Das kann man nicht überbewerten: Biden hat bei seinem Auftritt und bereits am Vorabend bei einer Gedenkveranstaltung das Leid anerkannt, das die Virus-Pandemie gebracht hat. Mehr als 400.000 Amerikaner sind tot. Für die vorherige Regierung haben diese Toten nicht existiert, es gab keine Trauer, keine Solidarität. Das schuf Raum für wilde Verschwörungstheorien von der Ungefährlichkeit des Virus und der Diktatur des Staates bis hin zu Trumps fixer Idee, dass ihm die Wahl am 3. November gestohlen worden sei.

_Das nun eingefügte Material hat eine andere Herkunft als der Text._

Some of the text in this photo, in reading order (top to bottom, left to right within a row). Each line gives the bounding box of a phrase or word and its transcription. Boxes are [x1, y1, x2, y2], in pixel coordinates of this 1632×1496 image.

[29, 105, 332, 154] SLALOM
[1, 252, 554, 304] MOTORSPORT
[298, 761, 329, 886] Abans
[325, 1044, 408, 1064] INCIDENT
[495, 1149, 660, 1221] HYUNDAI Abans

Man hörte keine Rede mit Programmpunkten, sondern eine Präsentation der mächtigen Symbolik. Der weiße Country und Western-Star Garth Brooks sang die Gospelhymne Amazing Grace, Jennifer Lopez Woody Guthries This Land is your Land und Lady Gaga die Nationalhymne. Schließlich sprach die vielen Zuschauern unbekannte 22-jährige Amanda Gorman ihr nach dem rechtsextremen Sturm auf das Kapitol vollendetes Gedicht The Hill we climb (Der Hügel, auf den wir steigen). Es ist ein Aufruf zum Handeln: Wir werden nicht umkehren.

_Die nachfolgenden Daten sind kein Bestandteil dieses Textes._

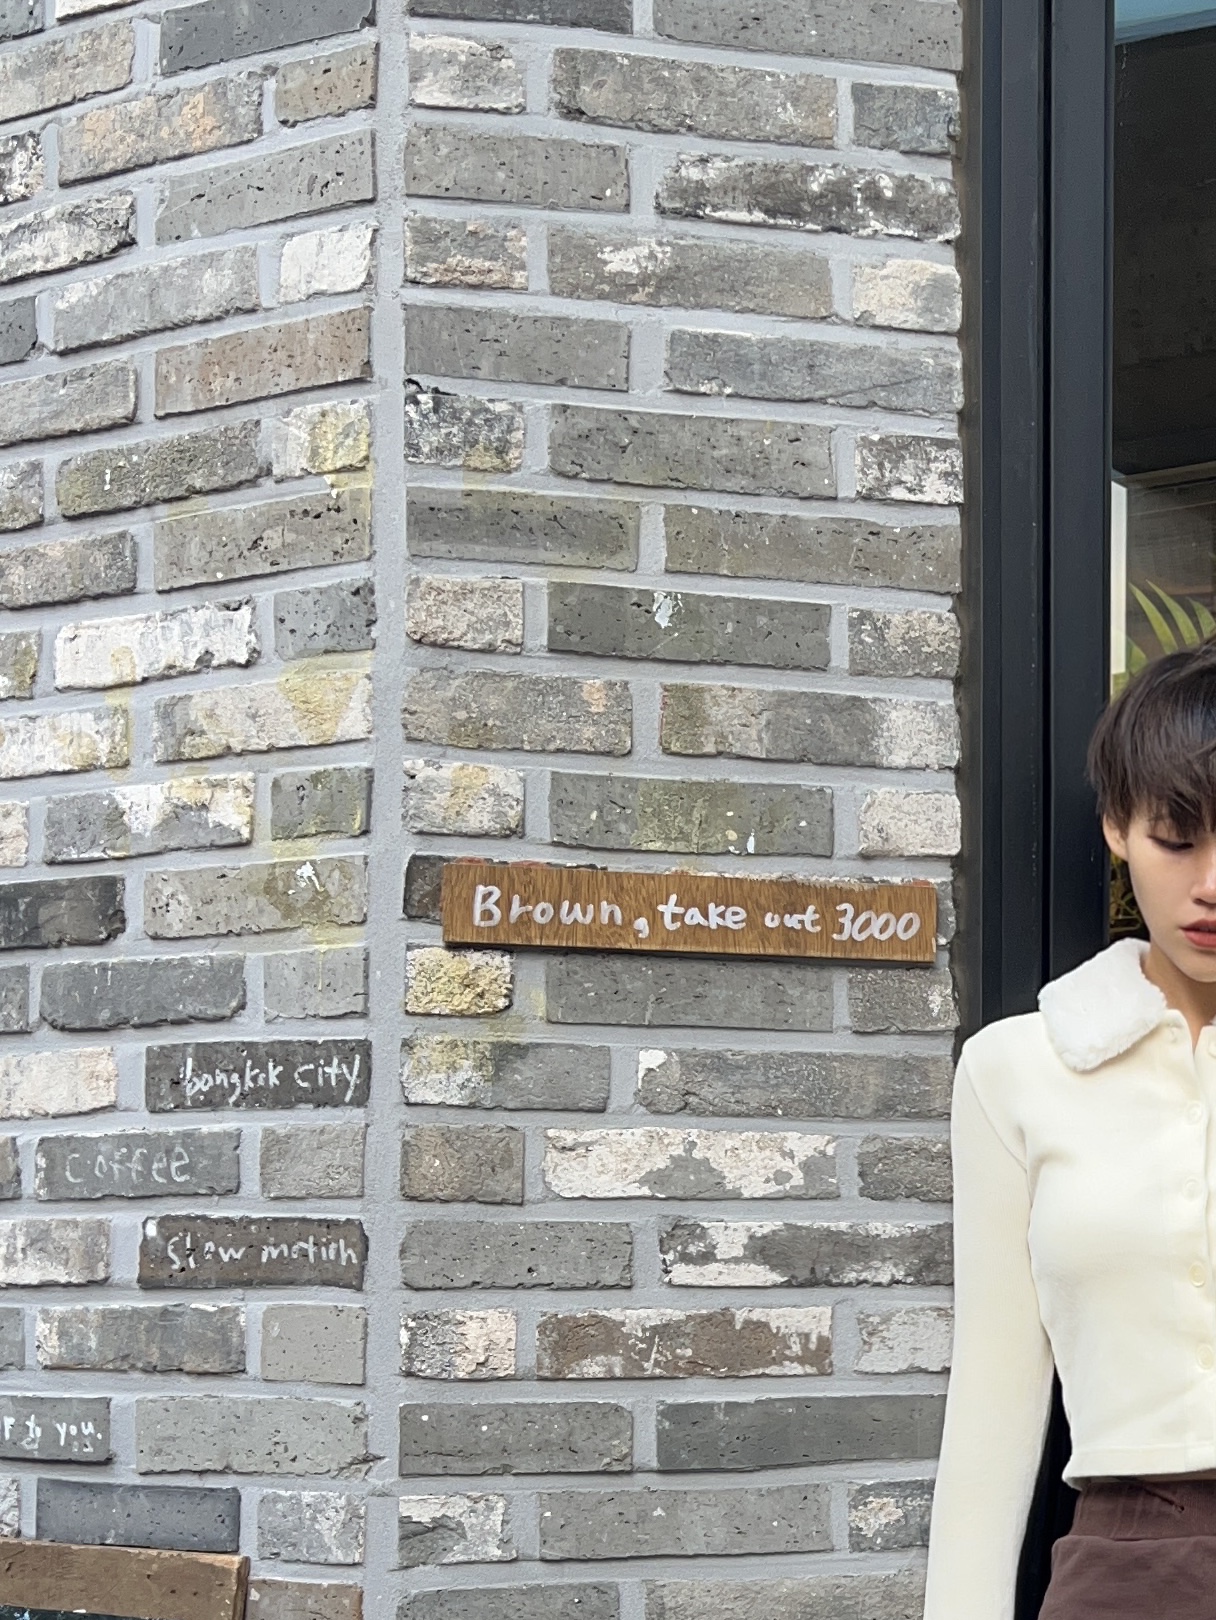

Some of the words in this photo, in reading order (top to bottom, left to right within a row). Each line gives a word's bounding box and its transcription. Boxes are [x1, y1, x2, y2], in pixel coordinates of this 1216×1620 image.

Ob das funktionieren wird mit der Einheit? Von Seiten der Republikaner gibt es noch wenige versöhnende Stimmen. Versöhnung durch falsche Kompromisse kann sich Biden nicht leisten. Stunden nach der Vereidigung hat er eine Serie von Entscheidungspapieren unterzeichnet. Den Bau der Mauer an der Grenze zu Mexiko gestoppt und das Einreiseverbot für Menschen aus bestimmten muslimischen Ländern aufgehoben. Die USA sind dem Klimaabkommen von Paris wieder beigetreten. Das Weiße Haus hat den Weiterbau der Keystone XL-Ölpipeline unterbunden. Ein massives Covid-19-Hilfspaket ist entworfen, ebenso eine umfassende Reform der Einwanderungspolitik.

Teilhabe unerlässlich

Die USA würden an einem „historischen Punkt“ von Krise und Herausforderung stehen, sagte der neue Präsident. Für ein besseres Zusammenleben brauche die zerrissenen Nation „ein bisschen Toleranz und Demut“. Das richtet sich gegen den Zeitgeist der vergangenen vier Jahre. Bei all den schönen Worten: US-Amerikaner werden nur mitgehen, wenn sie das Gefühl haben, dass sie wirklich teilhaben an Politik und Wirtschaft.

Die Leute, die Bidens Wahlsieg nicht anerkennen wollen, würden dann an Einfluss verlieren wie auch ihr Anstifter, der nun in Florida residiert. Erste Schritte sind gemacht.